*** Extracted entries Section Begins ***
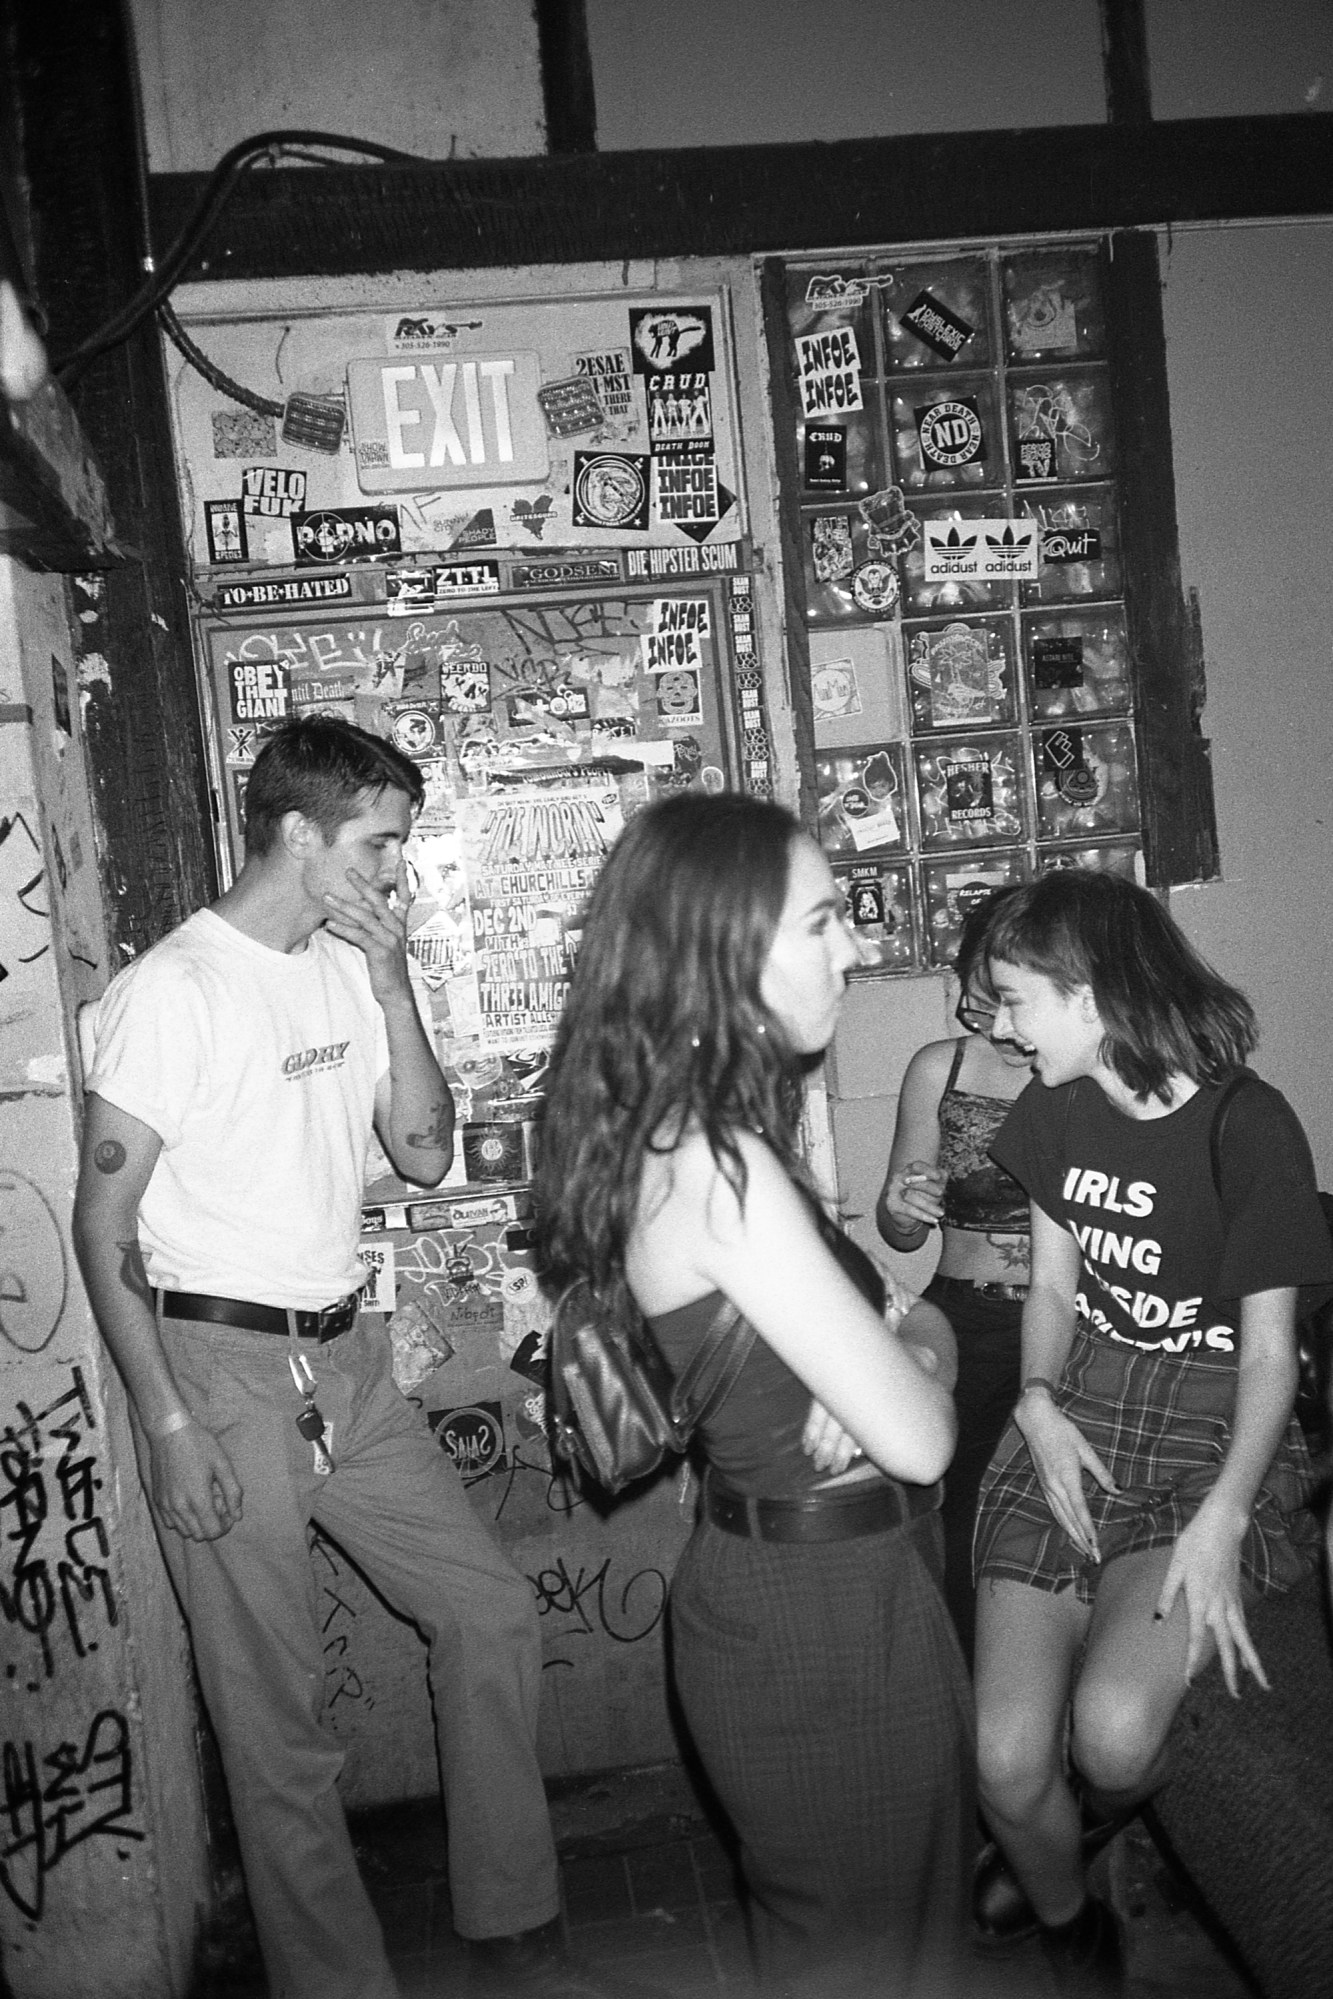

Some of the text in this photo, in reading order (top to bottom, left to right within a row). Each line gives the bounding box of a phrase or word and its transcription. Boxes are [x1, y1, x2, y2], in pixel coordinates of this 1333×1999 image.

[802, 332, 856, 376] INFOE
[649, 373, 706, 390] CRUD
[805, 372, 859, 413] INFOE
[381, 361, 514, 469] EXIT
[922, 405, 976, 434] NEAR DEATH
[934, 419, 968, 448] ND
[925, 434, 980, 463] NEAR DEATH
[247, 469, 305, 499] VELO
[658, 469, 714, 493] INFOE
[244, 494, 303, 517] FUK
[660, 494, 716, 519] INFOE
[1043, 532, 1097, 557] Quit
[627, 544, 737, 575] DIE HIPSTER SCUM
[930, 560, 1032, 574] adidust adidust
[284, 578, 349, 599] HATED
[658, 602, 708, 633] INFOE
[648, 632, 697, 669] INFOE
[234, 664, 284, 698] OBEY
[292, 681, 344, 702] ntil Death
[236, 688, 287, 719] GIANT
[951, 807, 991, 820] RECORDS
[501, 869, 586, 895] CHURCHILLS
[473, 907, 505, 936] DEC
[508, 905, 537, 933] 2ND
[1062, 1167, 1157, 1217] IRLS
*** Extracted entries Section Ends ***
**What you will do**. Apart from the pictures, the whole listing should be reproduced exactly.

**Problem solution**.
Some of the text in this photo, in reading order (top to bottom, left to right within a row). Each line gives the bounding box of a phrase or word and its transcription. Boxes are [x1, y1, x2, y2], in pixel coordinates of this 1333×1999 image.

[802, 332, 856, 376] INFOE
[649, 373, 706, 390] CRUD
[805, 372, 859, 413] INFOE
[381, 361, 514, 469] EXIT
[922, 405, 976, 434] NEAR DEATH
[934, 419, 968, 448] ND
[925, 434, 980, 463] NEAR DEATH
[247, 469, 305, 499] VELO
[658, 469, 714, 493] INFOE
[244, 494, 303, 517] FUK
[660, 494, 716, 519] INFOE
[1043, 532, 1097, 557] Quit
[627, 544, 737, 575] DIE HIPSTER SCUM
[930, 560, 1032, 574] adidust adidust
[284, 578, 349, 599] HATED
[658, 602, 708, 633] INFOE
[648, 632, 697, 669] INFOE
[234, 664, 284, 698] OBEY
[292, 681, 344, 702] ntil Death
[236, 688, 287, 719] GIANT
[951, 807, 991, 820] RECORDS
[501, 869, 586, 895] CHURCHILLS
[473, 907, 505, 936] DEC
[508, 905, 537, 933] 2ND
[1062, 1167, 1157, 1217] IRLS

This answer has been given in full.